This dissertation explores different topics on health economics. The first chapter quantifies the supply response of primary care physicians to a reimbursement bonus, the Physician Scarcity area bonus, introduced by Medicare between 2005 and 2008. The bonus represented a 5\% increase in reimbursement and it was paid to healthcare providers working in underserved areas of the U.S. I test whether this incentive attracted more physicians to these areas, if it affected the number of patients served, and if it changed the quantity of care provided by physicians. This is a relevant question as the country faces a shortage of primary care physicians that is expected to increase in the future. Using Medicare claims data between 2000 and 2010 combined with a difference-in-difference strategy, I find that the bonus had either a weak or undetectable impact on these outcomes. Descriptive studies and surveys suggest that the results could be explained by lack of information about the bonus and its small relative size. In the second chapter I explore health effects of the Flint water crisis on the elderly population. The water crisis of 2014-2015 exposed the residents of the city to high levels of lead and other contaminants. Much of the existing evidence of lead exposure comes from studies focused on children, as brains during childhood are more vulnerable than during adulthood.

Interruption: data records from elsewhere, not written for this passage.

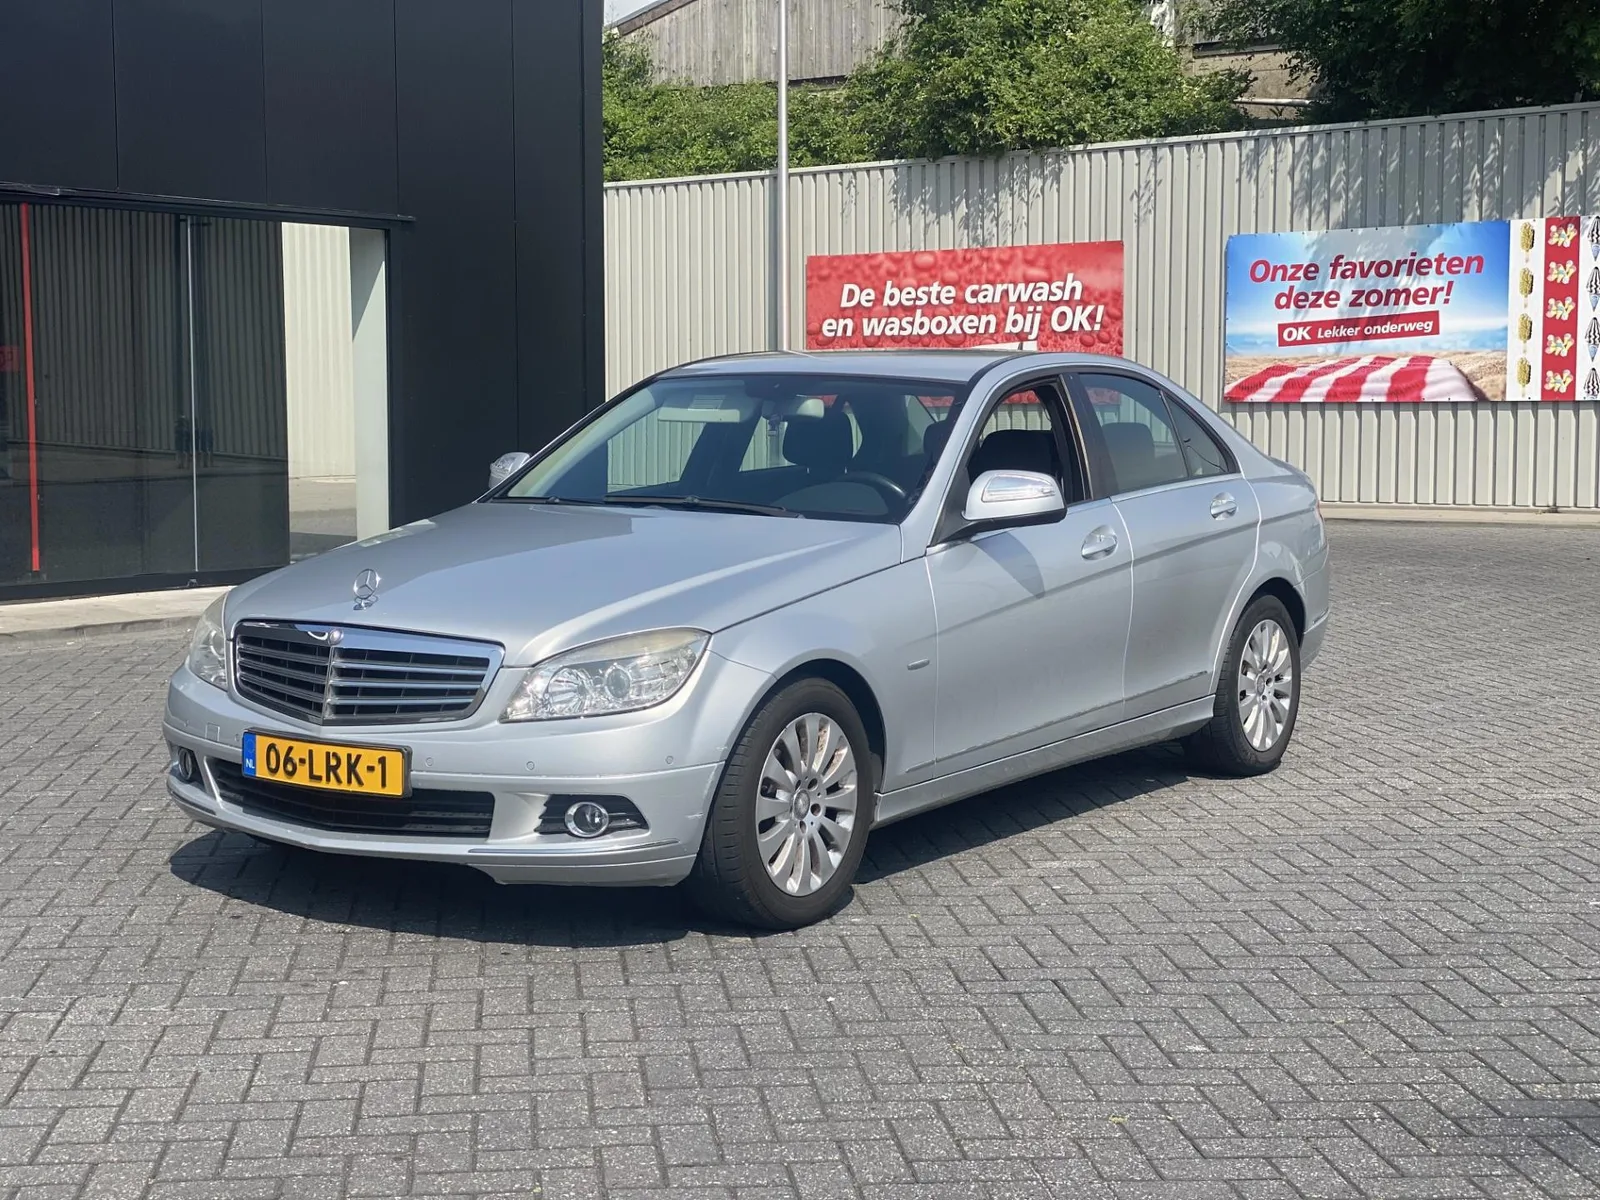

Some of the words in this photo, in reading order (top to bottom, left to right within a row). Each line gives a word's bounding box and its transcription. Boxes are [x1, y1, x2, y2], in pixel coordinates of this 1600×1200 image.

[1250, 259, 1319, 282] Onze
[1330, 252, 1484, 280] favorieten
[840, 283, 875, 308] De
[882, 280, 957, 306] beste
[964, 273, 1083, 304] carwash
[1274, 285, 1341, 310] deze
[1349, 281, 1453, 308] zomer!
[821, 317, 854, 337] en
[862, 309, 997, 337] wasboxen
[1004, 305, 1042, 340] bij
[1050, 304, 1105, 333] OK!
[1283, 326, 1311, 342] OK
[1318, 325, 1360, 338] Lekker
[1364, 320, 1433, 335] onderweg
[246, 759, 255, 769] NL
[266, 743, 387, 788] 06-LRK-1

In April 2014, the city of Flint changed its water source from Lake Huron to Flint River, exposing its residents to high levels of bacterial and chemical contaminants, including lead. For approximately a year and a half, local authorities reassured residents that the water was safe for human consumption. Finally, in December 2015 the Mayor of Flint declared state of emergency. Using the universe of Medicare beneficiaries living in Michigan between 2012 and 2016, and the CDC's National Detailed Mortality Files between 2010 and 2017, combined with a difference-in-difference strategy and synthetic controls methodology, I estimate the effect of the change in the water supply on hospitalization and mortality rates. My results suggest a weak increase in all-cause and kidney disease hospitalization rates in Flint after the start of the crisis, and an increase in all-cause mortality rates. However, these results are usually smaller than what has been suggested by the epidemiological literature and the graphical evidence does not strongly support them.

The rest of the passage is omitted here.